In the 1990s three college campuses in California exploded as Chicano/a and Latino/a students went on hunger strikes. Through courageous self-sacrifice, these students risked their lives to challenge racial neoliberalism, budget cuts, and fee increases. The strikers acted and spoke spectacularly and, despite great odds, produced substantive change.

Social movement scholars have raised the question of why some people risk their lives to create a better world. In Starving for Justice, Ralph Armbruster-Sandoval uses interviews and archival material to examine people’s willingness to make the extreme sacrifice and give their lives in order to create a more just society.

Popular memory and scholarly discourse around social movements have long acknowledged the actions of student groups during the 1960s.

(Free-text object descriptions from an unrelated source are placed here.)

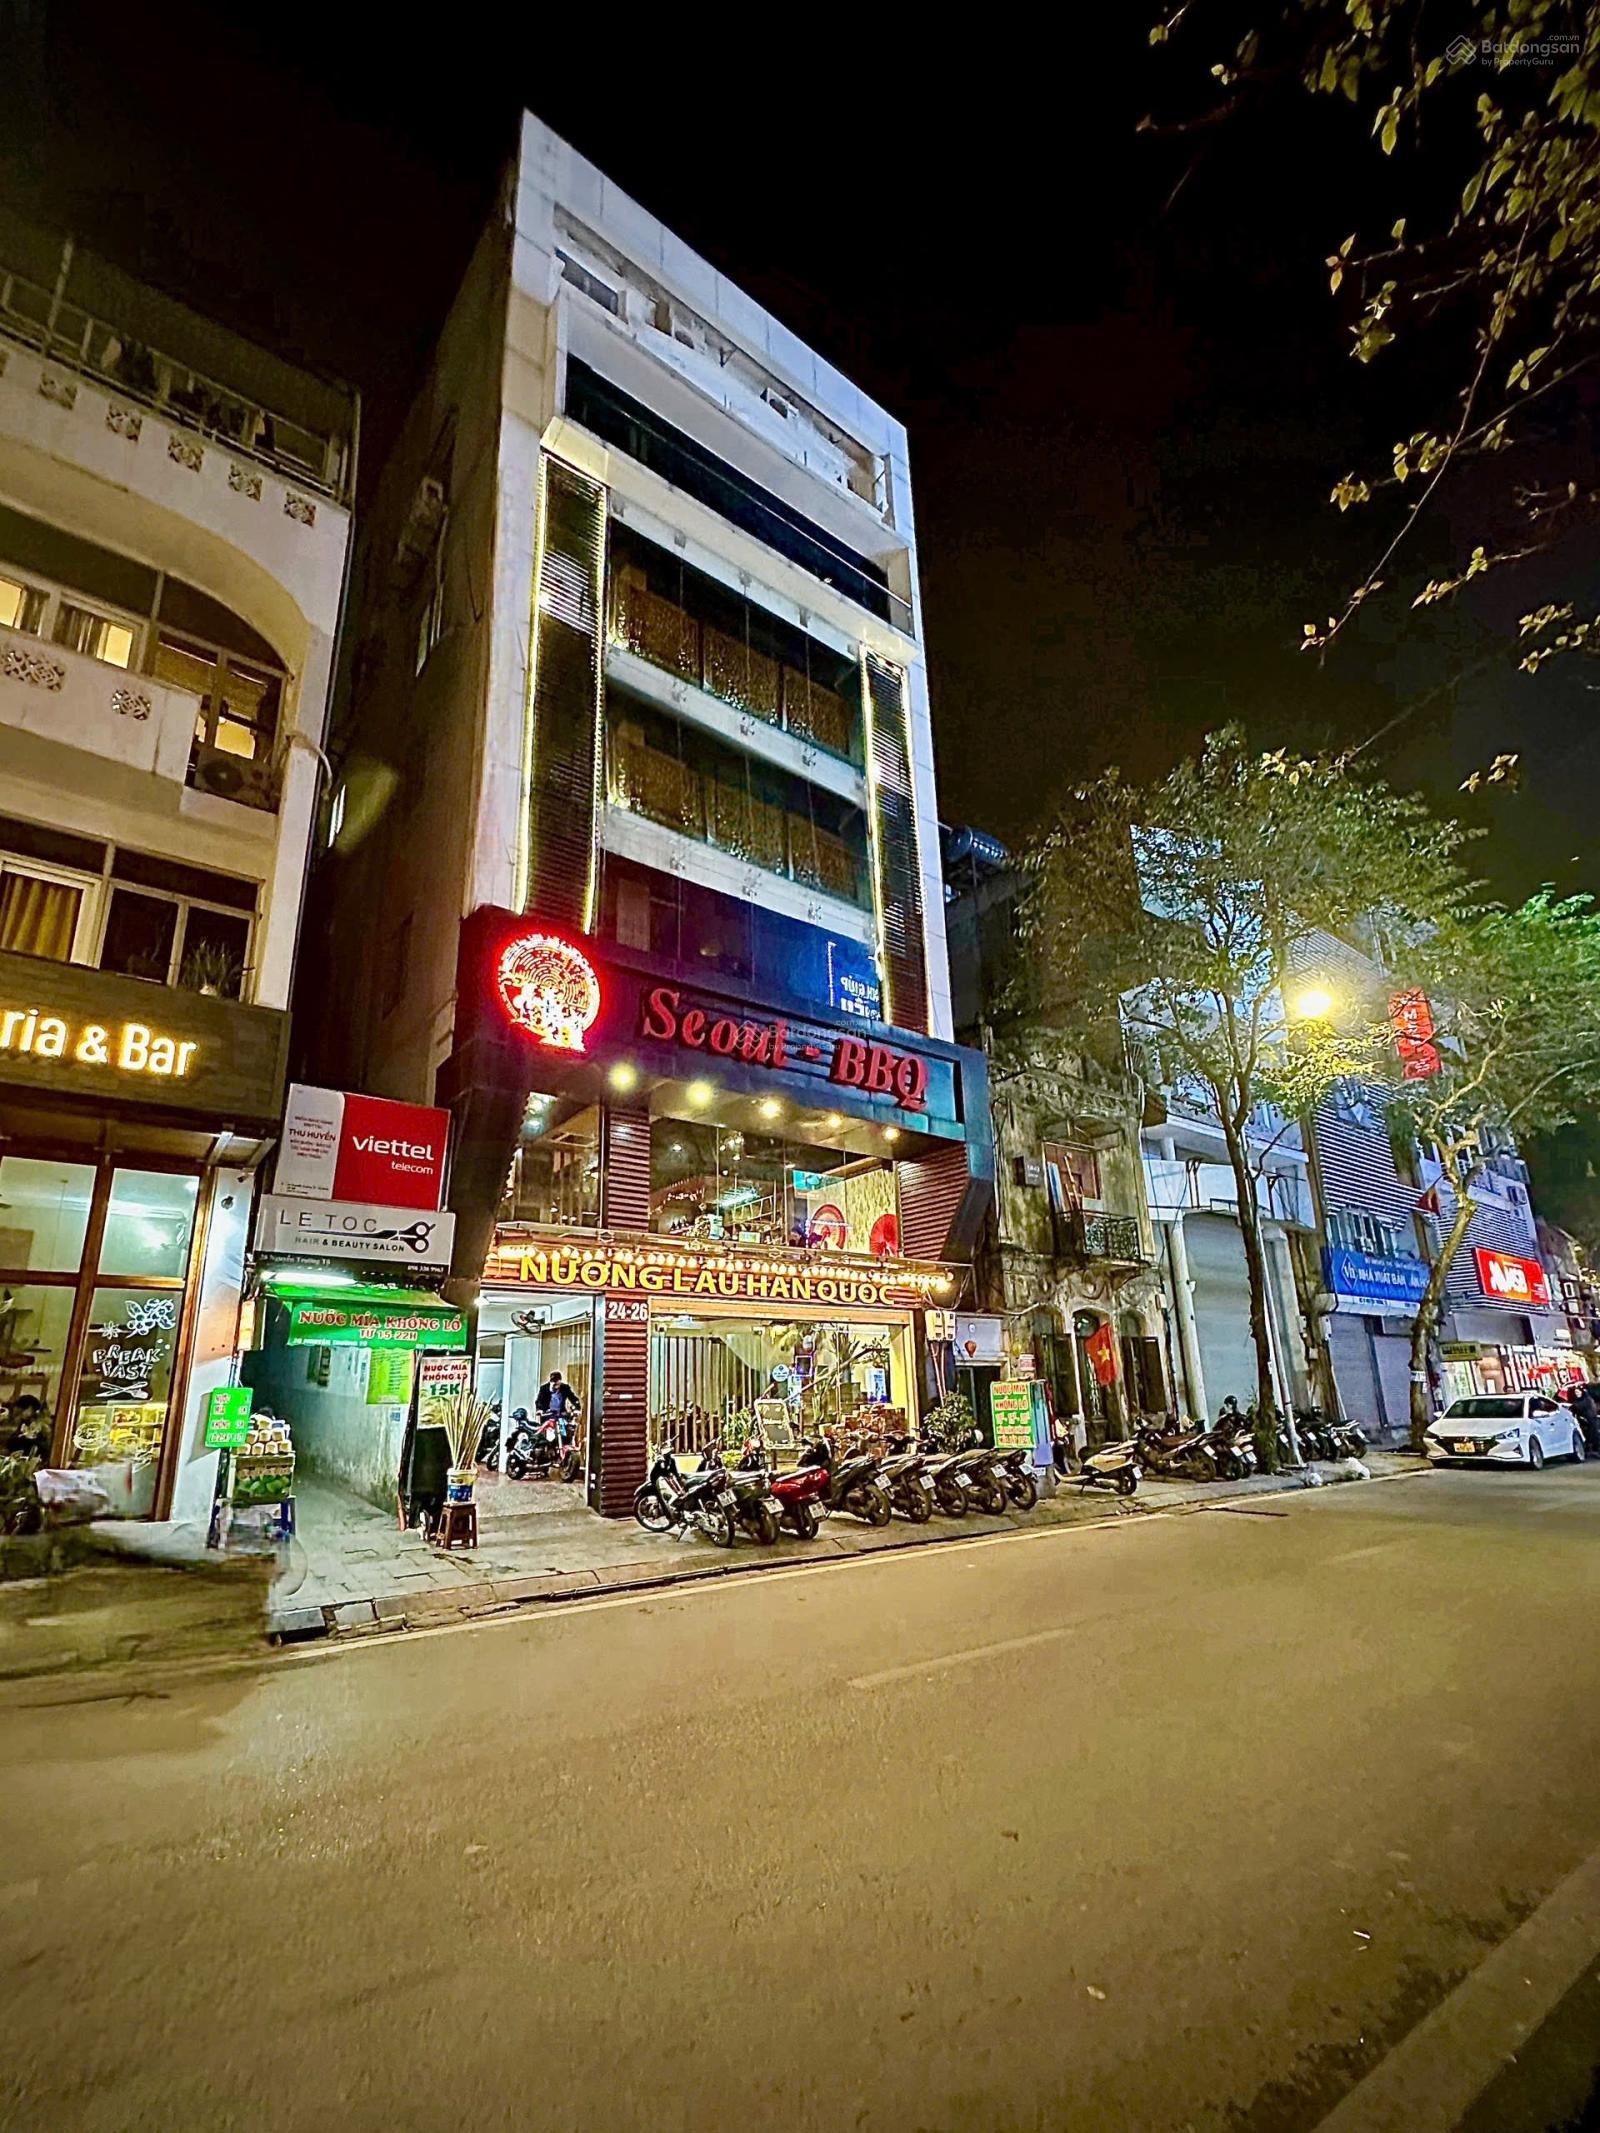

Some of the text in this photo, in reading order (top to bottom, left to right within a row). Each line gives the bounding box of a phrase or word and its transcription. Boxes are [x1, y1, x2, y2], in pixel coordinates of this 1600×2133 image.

[78, 1025, 109, 1063] &
[118, 1022, 199, 1076] Bar
[643, 988, 789, 1068] Seoul
[830, 1037, 928, 1112] BBQ
[352, 1136, 434, 1160] viettel
[391, 1161, 433, 1174] telecom
[279, 1209, 378, 1233] LE TOC
[331, 1240, 371, 1250] BEAUTY
[373, 1243, 405, 1253] SALON
[608, 1301, 649, 1321] 24-26
[430, 1383, 461, 1396] 15K
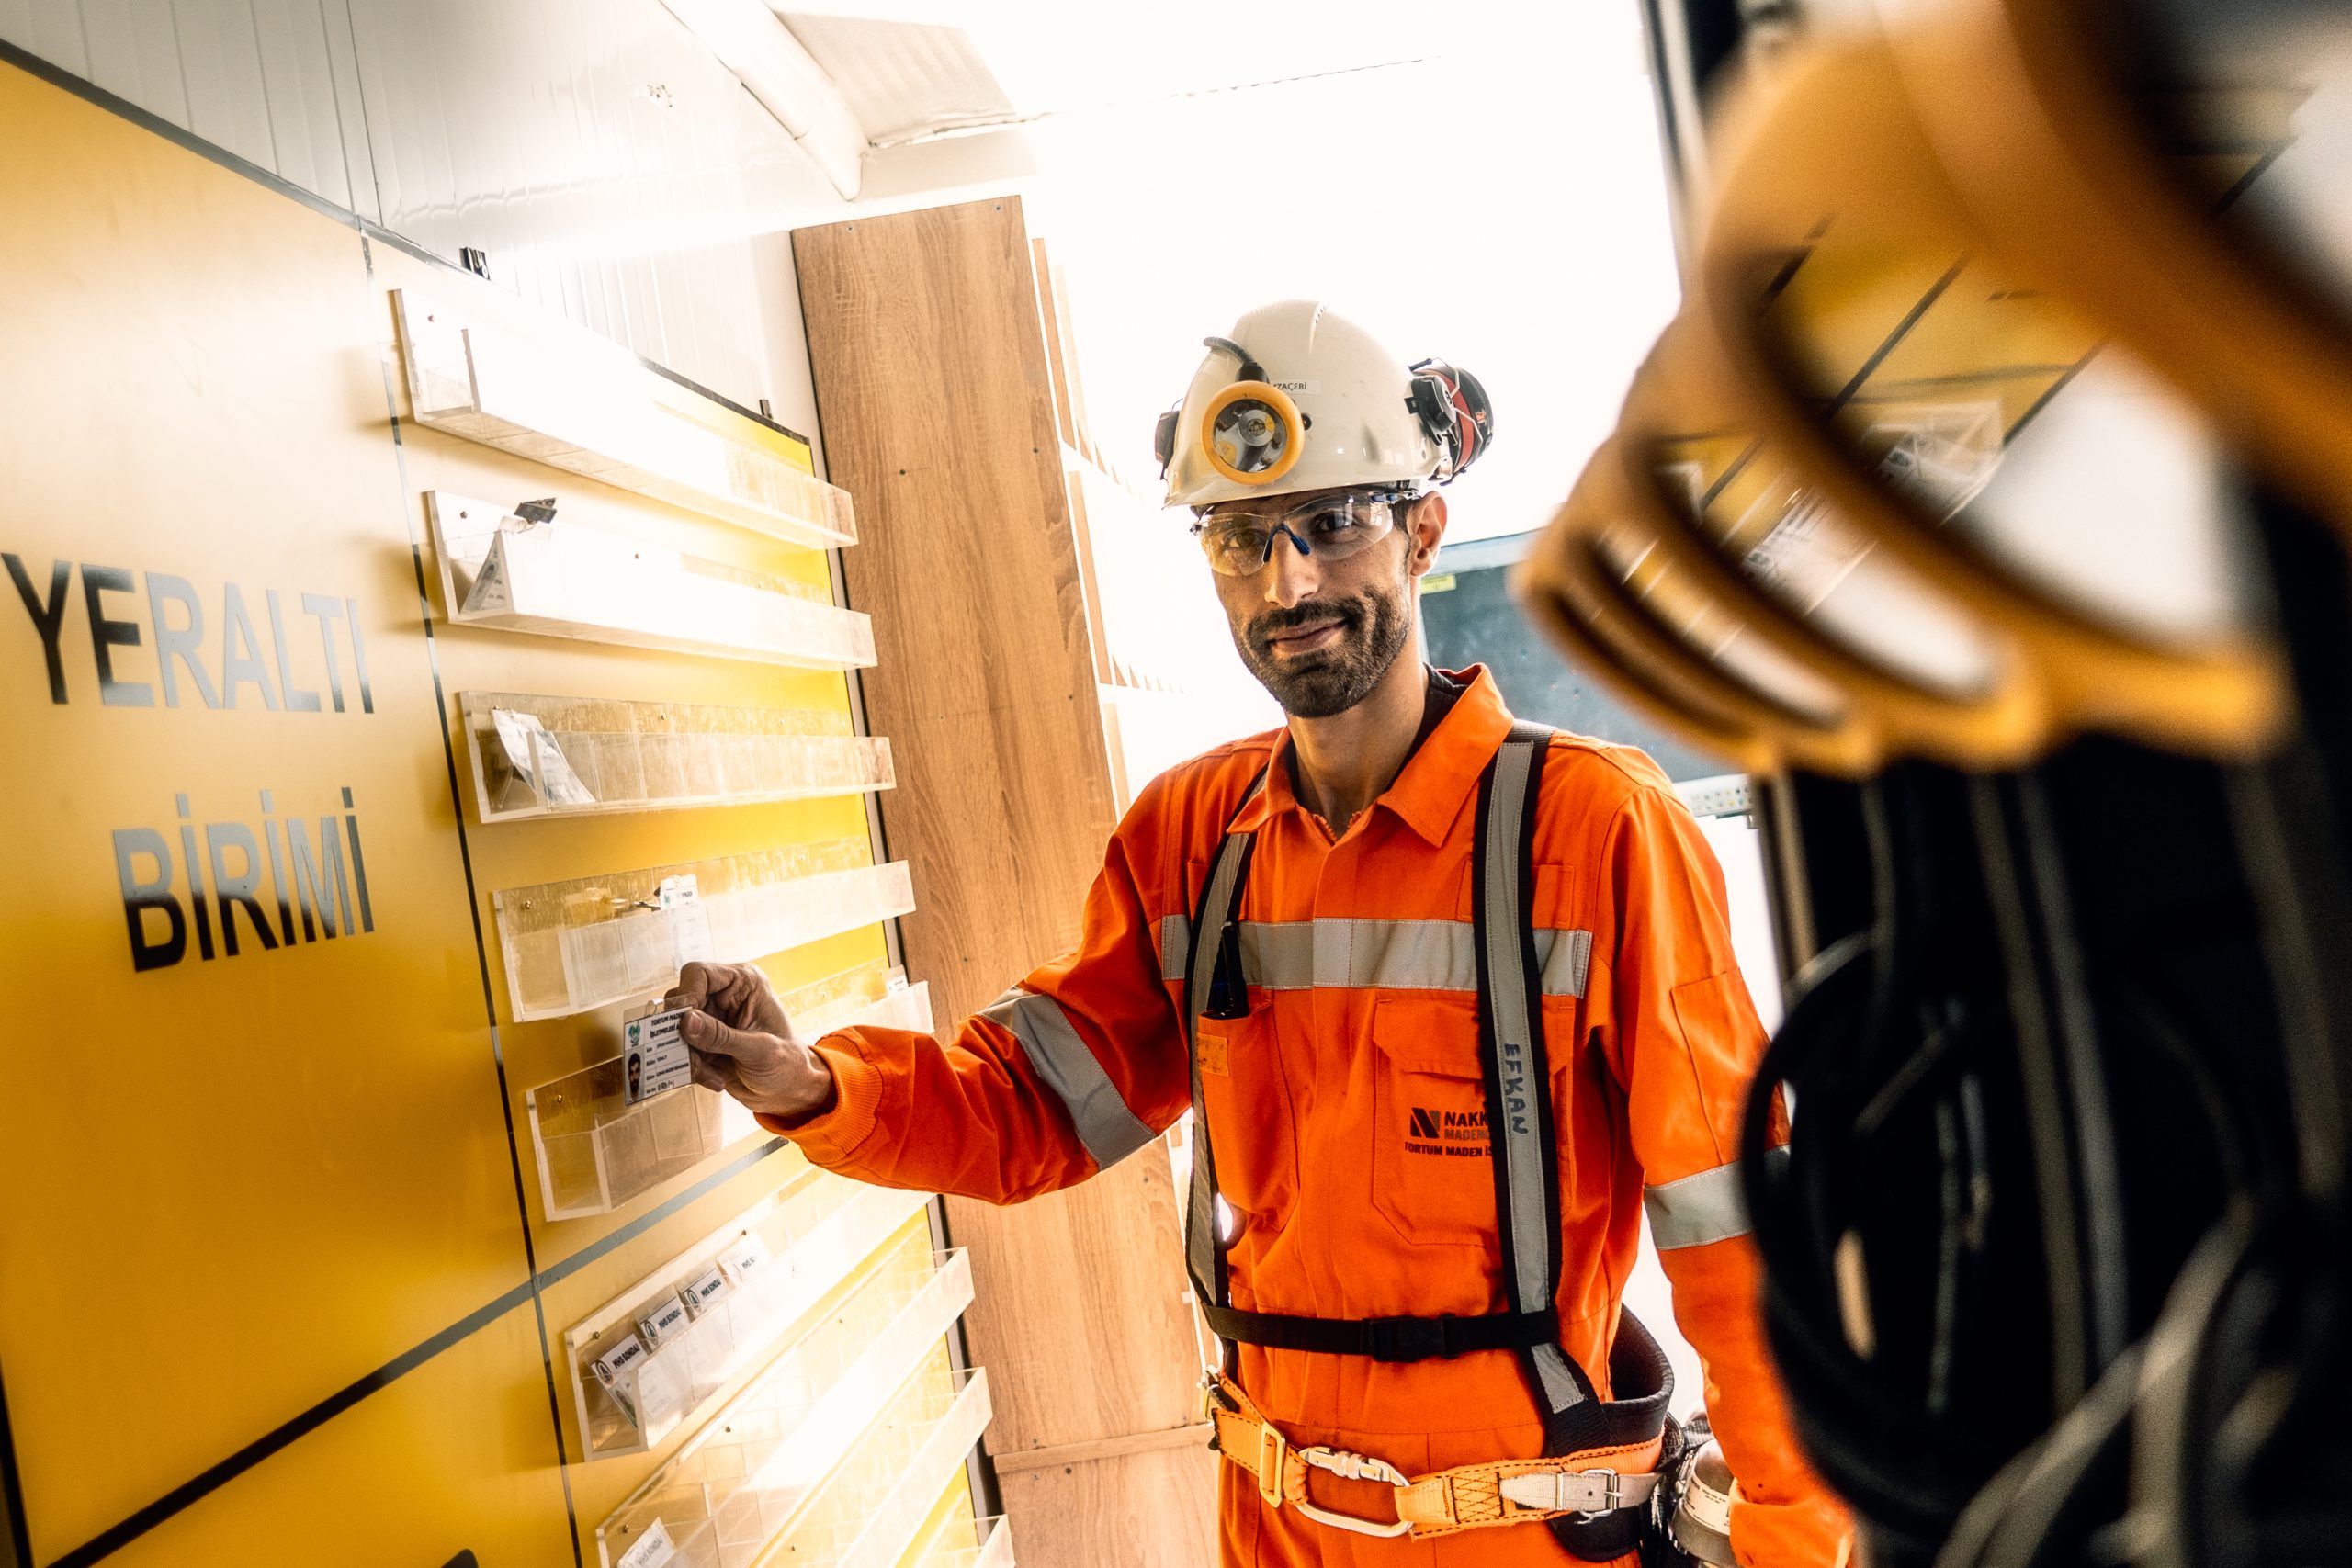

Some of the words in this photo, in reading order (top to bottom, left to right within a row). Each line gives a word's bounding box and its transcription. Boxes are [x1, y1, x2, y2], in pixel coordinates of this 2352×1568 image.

[1273, 382, 1306, 391] ZAÇEBİ
[2, 553, 375, 714] YERALTI
[112, 787, 375, 973] BİRİMİ
[1504, 1043, 1529, 1134] EFKAN
[1404, 1141, 1443, 1156] TORTUM
[1445, 1145, 1483, 1157] MADEN

Now Armbruster-Sandoval extends our understanding of social justice and activism, providing one of the first examinations of Chicana/o and Latina/o student activism in the 1990s.

Students at University of California, Los Angeles; University of California, Santa Barbara; and Stanford University went on hunger strikes to demand the establishment and expansion of Chicana/o studies departments. They also had even broader aspirations—to obtain dignity and justice for all people. These students spoke eloquently, making their bodies and concerns visible. They challenged anti-immigrant politics. They scrutinized the rapid growth of the prison-industrial complex, racial and class polarization, and the university’s neoliberalization. Though they did not fully succeed in having all their demands met, they helped generate long-lasting social change on their respective campuses, making those learning institutions more just.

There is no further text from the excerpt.